* [Task to carry out] Transcribe the records in full.

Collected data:
----
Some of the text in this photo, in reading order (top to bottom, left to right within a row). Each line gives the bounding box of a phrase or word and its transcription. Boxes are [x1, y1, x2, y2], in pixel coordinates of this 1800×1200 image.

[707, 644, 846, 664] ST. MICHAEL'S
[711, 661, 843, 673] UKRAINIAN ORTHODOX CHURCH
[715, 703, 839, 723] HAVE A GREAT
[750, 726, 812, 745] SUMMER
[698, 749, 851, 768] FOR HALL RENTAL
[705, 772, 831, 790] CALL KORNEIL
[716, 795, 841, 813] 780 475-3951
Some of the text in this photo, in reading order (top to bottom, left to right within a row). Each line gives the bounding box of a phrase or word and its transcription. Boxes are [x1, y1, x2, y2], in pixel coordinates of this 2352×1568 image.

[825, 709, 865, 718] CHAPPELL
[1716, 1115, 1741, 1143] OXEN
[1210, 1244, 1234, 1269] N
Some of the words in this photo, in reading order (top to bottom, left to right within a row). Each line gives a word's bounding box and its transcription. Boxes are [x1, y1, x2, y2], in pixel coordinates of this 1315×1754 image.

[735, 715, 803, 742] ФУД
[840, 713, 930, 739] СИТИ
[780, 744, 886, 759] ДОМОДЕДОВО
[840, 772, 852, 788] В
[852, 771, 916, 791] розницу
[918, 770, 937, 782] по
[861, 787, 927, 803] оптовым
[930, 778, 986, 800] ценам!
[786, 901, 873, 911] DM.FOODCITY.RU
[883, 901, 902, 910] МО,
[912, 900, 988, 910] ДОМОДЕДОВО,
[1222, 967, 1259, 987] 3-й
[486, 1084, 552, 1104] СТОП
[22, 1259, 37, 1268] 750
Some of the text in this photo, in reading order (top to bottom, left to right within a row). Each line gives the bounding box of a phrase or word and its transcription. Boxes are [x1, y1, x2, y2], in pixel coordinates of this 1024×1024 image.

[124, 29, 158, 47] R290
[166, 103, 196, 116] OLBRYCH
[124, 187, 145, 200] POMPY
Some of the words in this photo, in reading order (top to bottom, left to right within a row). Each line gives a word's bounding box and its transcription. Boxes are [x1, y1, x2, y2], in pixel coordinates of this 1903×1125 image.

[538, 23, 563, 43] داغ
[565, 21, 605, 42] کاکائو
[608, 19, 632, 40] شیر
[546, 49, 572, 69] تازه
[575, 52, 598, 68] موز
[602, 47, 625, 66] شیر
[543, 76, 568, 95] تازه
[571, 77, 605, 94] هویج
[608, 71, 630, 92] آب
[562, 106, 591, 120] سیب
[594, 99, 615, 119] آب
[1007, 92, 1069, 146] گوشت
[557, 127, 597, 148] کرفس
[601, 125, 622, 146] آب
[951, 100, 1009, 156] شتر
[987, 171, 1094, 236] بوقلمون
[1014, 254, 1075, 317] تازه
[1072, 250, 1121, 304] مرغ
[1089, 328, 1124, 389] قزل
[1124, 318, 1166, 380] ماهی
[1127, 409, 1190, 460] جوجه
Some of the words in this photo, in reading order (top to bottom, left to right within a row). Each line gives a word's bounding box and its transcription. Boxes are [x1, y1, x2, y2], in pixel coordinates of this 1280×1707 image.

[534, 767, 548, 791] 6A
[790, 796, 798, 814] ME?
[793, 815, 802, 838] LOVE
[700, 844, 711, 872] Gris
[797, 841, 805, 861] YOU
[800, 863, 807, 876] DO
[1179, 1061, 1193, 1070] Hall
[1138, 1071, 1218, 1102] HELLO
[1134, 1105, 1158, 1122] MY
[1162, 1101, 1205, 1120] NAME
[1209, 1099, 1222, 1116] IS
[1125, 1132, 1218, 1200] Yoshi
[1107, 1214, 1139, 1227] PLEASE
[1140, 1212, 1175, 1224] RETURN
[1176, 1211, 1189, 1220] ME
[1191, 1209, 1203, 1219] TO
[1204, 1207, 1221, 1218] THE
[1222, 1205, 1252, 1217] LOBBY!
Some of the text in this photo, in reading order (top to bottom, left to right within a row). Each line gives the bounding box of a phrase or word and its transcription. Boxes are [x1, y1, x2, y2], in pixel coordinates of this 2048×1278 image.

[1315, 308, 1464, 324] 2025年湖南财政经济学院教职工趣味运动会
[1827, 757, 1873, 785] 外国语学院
----
* [Result of the task]
Some of the text in this photo, in reading order (top to bottom, left to right within a row). Each line gives the bounding box of a phrase or word and its transcription. Boxes are [x1, y1, x2, y2], in pixel coordinates of this 1800×1200 image.

[707, 644, 846, 664] ST. MICHAEL'S
[711, 661, 843, 673] UKRAINIAN ORTHODOX CHURCH
[715, 703, 839, 723] HAVE A GREAT
[750, 726, 812, 745] SUMMER
[698, 749, 851, 768] FOR HALL RENTAL
[705, 772, 831, 790] CALL KORNEIL
[716, 795, 841, 813] 780 475-3951
Some of the text in this photo, in reading order (top to bottom, left to right within a row). Each line gives the bounding box of a phrase or word and its transcription. Boxes are [x1, y1, x2, y2], in pixel coordinates of this 2352×1568 image.

[825, 709, 865, 718] CHAPPELL
[1716, 1115, 1741, 1143] OXEN
[1210, 1244, 1234, 1269] N
Some of the words in this photo, in reading order (top to bottom, left to right within a row). Each line gives a word's bounding box and its transcription. Boxes are [x1, y1, x2, y2], in pixel coordinates of this 1315×1754 image.

[735, 715, 803, 742] ФУД
[840, 713, 930, 739] СИТИ
[780, 744, 886, 759] ДОМОДЕДОВО
[840, 772, 852, 788] В
[852, 771, 916, 791] розницу
[918, 770, 937, 782] по
[861, 787, 927, 803] оптовым
[930, 778, 986, 800] ценам!
[786, 901, 873, 911] DM.FOODCITY.RU
[883, 901, 902, 910] МО,
[912, 900, 988, 910] ДОМОДЕДОВО,
[1222, 967, 1259, 987] 3-й
[486, 1084, 552, 1104] СТОП
[22, 1259, 37, 1268] 750
Some of the text in this photo, in reading order (top to bottom, left to right within a row). Each line gives the bounding box of a phrase or word and its transcription. Boxes are [x1, y1, x2, y2], in pixel coordinates of this 1024×1024 image.

[124, 29, 158, 47] R290
[166, 103, 196, 116] OLBRYCH
[124, 187, 145, 200] POMPY
Some of the words in this photo, in reading order (top to bottom, left to right within a row). Each line gives a word's bounding box and its transcription. Boxes are [x1, y1, x2, y2], in pixel coordinates of this 1903×1125 image.

[538, 23, 563, 43] داغ
[565, 21, 605, 42] کاکائو
[608, 19, 632, 40] شیر
[546, 49, 572, 69] تازه
[575, 52, 598, 68] موز
[602, 47, 625, 66] شیر
[543, 76, 568, 95] تازه
[571, 77, 605, 94] هویج
[608, 71, 630, 92] آب
[562, 106, 591, 120] سیب
[594, 99, 615, 119] آب
[1007, 92, 1069, 146] گوشت
[557, 127, 597, 148] کرفس
[601, 125, 622, 146] آب
[951, 100, 1009, 156] شتر
[987, 171, 1094, 236] بوقلمون
[1014, 254, 1075, 317] تازه
[1072, 250, 1121, 304] مرغ
[1089, 328, 1124, 389] قزل
[1124, 318, 1166, 380] ماهی
[1127, 409, 1190, 460] جوجه
Some of the words in this photo, in reading order (top to bottom, left to right within a row). Each line gives a word's bounding box and its transcription. Boxes are [x1, y1, x2, y2], in pixel coordinates of this 1280×1707 image.

[534, 767, 548, 791] 6A
[790, 796, 798, 814] ME?
[793, 815, 802, 838] LOVE
[700, 844, 711, 872] Gris
[797, 841, 805, 861] YOU
[800, 863, 807, 876] DO
[1179, 1061, 1193, 1070] Hall
[1138, 1071, 1218, 1102] HELLO
[1134, 1105, 1158, 1122] MY
[1162, 1101, 1205, 1120] NAME
[1209, 1099, 1222, 1116] IS
[1125, 1132, 1218, 1200] Yoshi
[1107, 1214, 1139, 1227] PLEASE
[1140, 1212, 1175, 1224] RETURN
[1176, 1211, 1189, 1220] ME
[1191, 1209, 1203, 1219] TO
[1204, 1207, 1221, 1218] THE
[1222, 1205, 1252, 1217] LOBBY!
Some of the text in this photo, in reading order (top to bottom, left to right within a row). Each line gives the bounding box of a phrase or word and its transcription. Boxes are [x1, y1, x2, y2], in pixel coordinates of this 2048×1278 image.

[1315, 308, 1464, 324] 2025年湖南财政经济学院教职工趣味运动会
[1827, 757, 1873, 785] 外国语学院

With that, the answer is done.